Just a quick reminder what median means in this case:

You have a finite set of wages/pay - and $197,000 should be in the middle of this set. Meaning that half the wages at Alphabet are below, the other half above this wage.

It is a rather robust measure, because it is insensitive to extreme values (like the arithmetic average would be), while also giving you a good overview, e.g. that 50% of all the wages are above $197,000.

Vice versa, it tells you nothing about how low or how high the wages are aside the median (e.g. the lower 45% of the wages could be <$45,000). So take it with a grain of salt.

Also, as with the Facebook news that their median is $240k (https://news.ycombinator.com/item?id=16955393), it could well be the case that Alphabet's lower paid staff are mostly contractors who wouldn't be counted in this metric.

Everyone seems to report either median or average, both of which leave out a lot of interesting information. If people simply reported both values, it would go a long way to painting a more accurate picture.

I was just thinking about this. Ideally, the median and mean salaries should account for added value but not vary so much as to make inequality unbearable. Having CEOs paid 100 or 200 or even 1000 times more than other employees is bad for everyone in the long run. It leads to so much inequality that people end up tearing each other appart, looking for culprits (immigrants, strangers, neighbouring countries, etc). Having a CEO paid more than others is fine as long as everyone can benefit from the added value, not just a few.

For an accurate picture, you can't beat a picture. A graph of the distribution of employees over salaries is easy to understand and information rich.

Median is the only one you need a disclosure for. Mean is simply the compensation expense divided by the number of employees. But the mean salary doesn't really say anything, it'll always be higher than median and at a company the size of Alphabet you don't really get additional insights from that.

Reporting median is a good step, most companies don't disclose that.

The difference between mean and median provides information. It's always safe to assume the distribution is right-skewed, but having both median and mean gives you a sense for how much.

Just the difference doesn't tell you much. It's always right-skewed. But that could be because it's bimodal with developers earning a lot and support staff little or it's because everyone makes the same except for some really well paid executives.

What would be really interesting would be to see the actual distribution. But I don't think we'll ever see that.

I think at this point we're quibbling over the definition of "how much" it can tell you. I think "median of $70k, mean of $150k" vs. "median of $70k, mean of $1.5M" carries a lot more information than just mean or just median, even if it doesn't approach a full summary of the distribution's shape.
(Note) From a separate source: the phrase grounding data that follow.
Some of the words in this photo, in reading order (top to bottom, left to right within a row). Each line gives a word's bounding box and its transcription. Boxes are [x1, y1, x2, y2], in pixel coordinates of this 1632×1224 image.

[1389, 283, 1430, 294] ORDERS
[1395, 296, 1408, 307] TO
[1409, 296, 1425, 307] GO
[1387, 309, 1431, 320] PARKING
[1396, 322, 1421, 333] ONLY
Amazon's medium pay is $28,446. But they also employ nearly 500,000 people. The linked article also has salaries for other tech companies.


Reporting and pushing median pay now is smart for a company like Amazon.

When you have a Democratic Congress, $15/hr minimum wage is coming. Many of the grunts will be getting a big raise, which will increase that median significantly in a few years.

These companies are reporting it now because they don't have a choice, it's a federal law that most large public companies have to report median pay and CEO pay.

Most of them work for Integrity Staffing not Amazon.

Nope. https://www.theverge.com/2017/2/3/14504526/amazon-job-growth...

That story from a year calls out that it excludes contractors. It does include full-time and part-time employees.

Totally possible. I am not acquainted with the regulatory statutes regarding who you may or can count as FTE in such a statistic.

But sure sounds like a feasible strategy to prop up median pay.

I'm pretty sure most companies would want to make median pay appear as low as possible when making SEC filings. Investors hate high labor costs.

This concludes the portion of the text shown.